To be dreading this journey tomorrow

(179 Posts)
SamP85 Mon 31-Aug-15 00:12:13

We (myself dh ds1 and ds2) drove up to Edinburgh on Friday for the bank holiday weekend and are driving back tomorrow. The problem is that ds1 has come down with very bad diarrhoea (it seems to be the start of a tummy bug)! We can't stay another night so have to face this 6+ hour car trip tomorrow. I am really at a loss on what to do to avoid him having an accident?? I will get him some imodium (if I can find it in his age range) in the morning but other than that I don't know.

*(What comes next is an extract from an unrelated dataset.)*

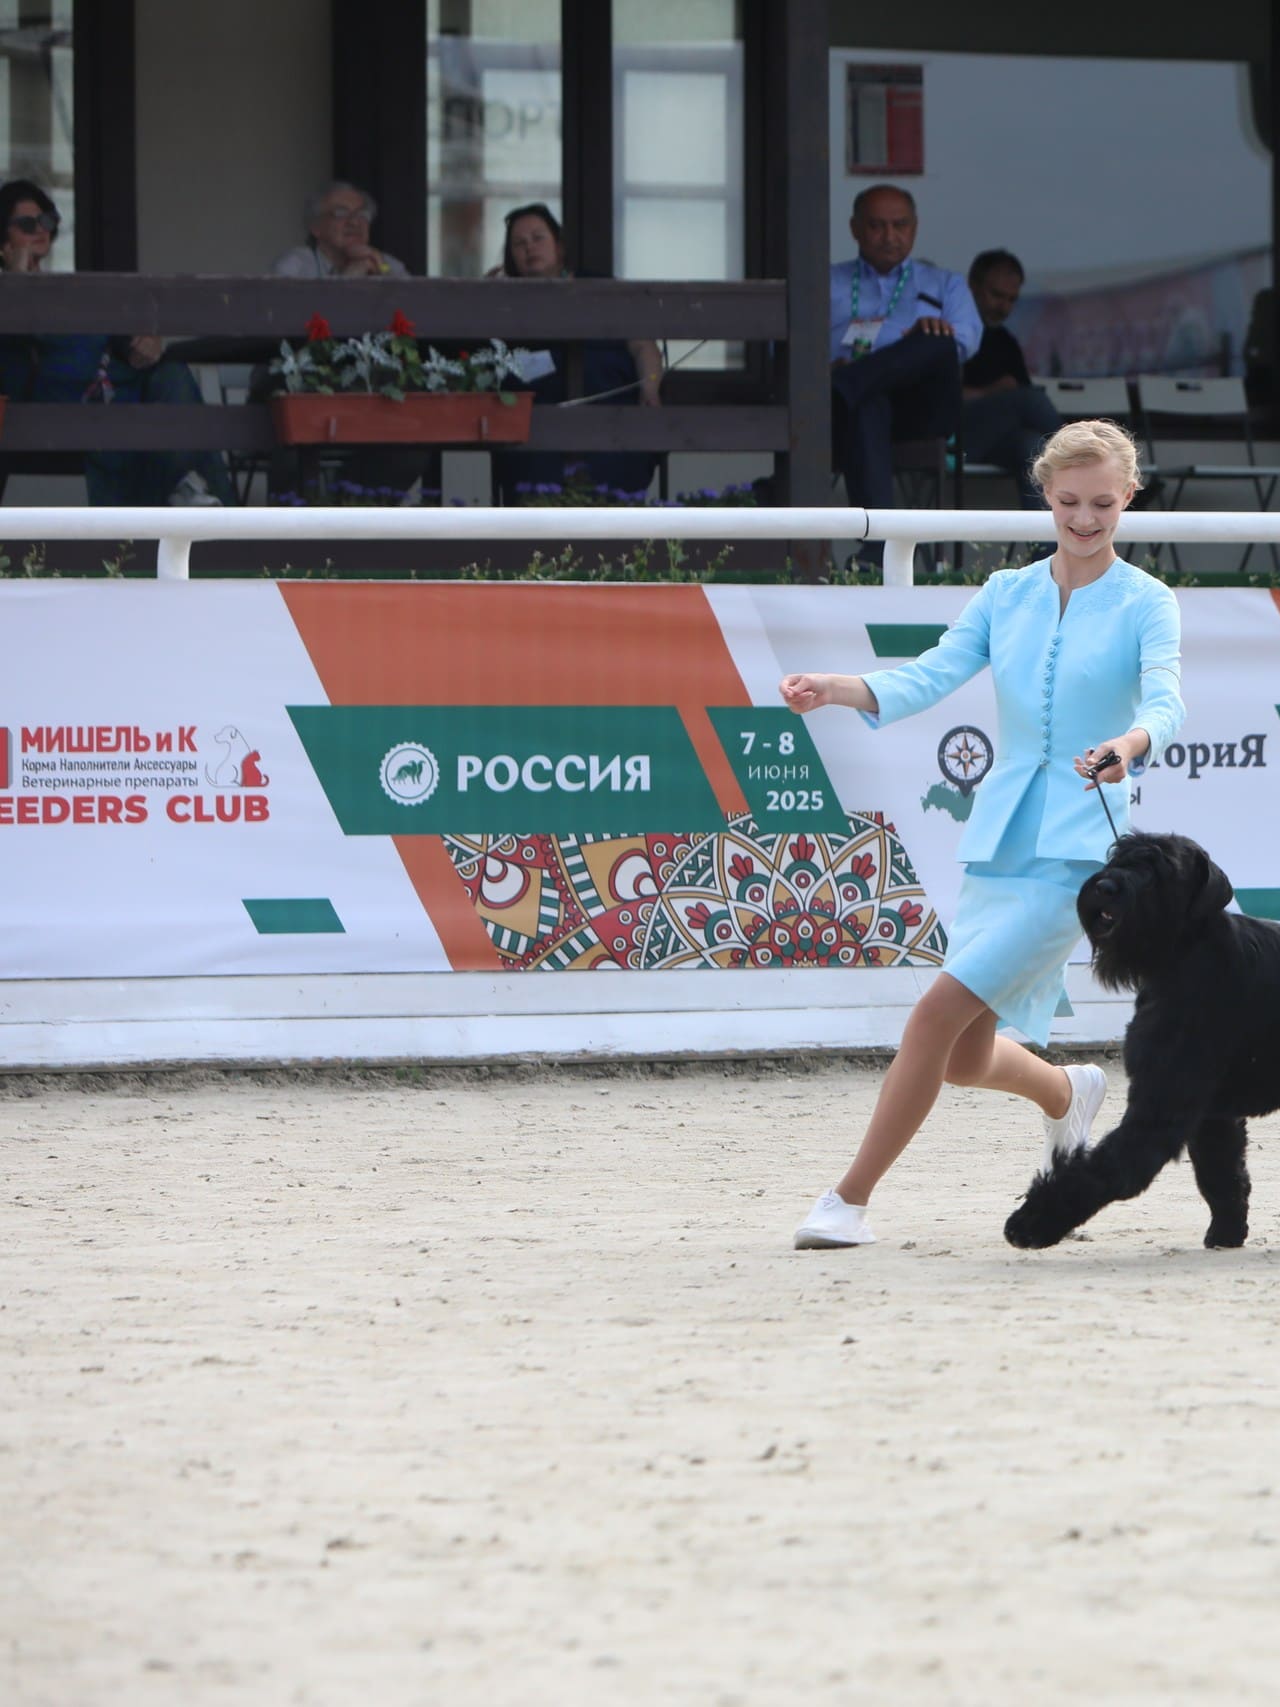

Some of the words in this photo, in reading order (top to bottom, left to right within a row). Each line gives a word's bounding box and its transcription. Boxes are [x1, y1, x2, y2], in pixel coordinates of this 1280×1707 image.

Welshmaenad Mon 31-Aug-15 00:13:34

How old is he?

Fatmomma99 Mon 31-Aug-15 00:13:52

put something throw-away-able between his bum and the car seat. Have 2 or 3.

Hope he is better soon!

Lilaclily Mon 31-Aug-15 00:14:58

why can't you stay?

I honestly would , call in sick to work, call off school ,let the poor mite rest

honestly whatever commitments you have aren't worth it

Lilaclily Mon 31-Aug-15 00:15:35

you don;'t say how far you have to drive?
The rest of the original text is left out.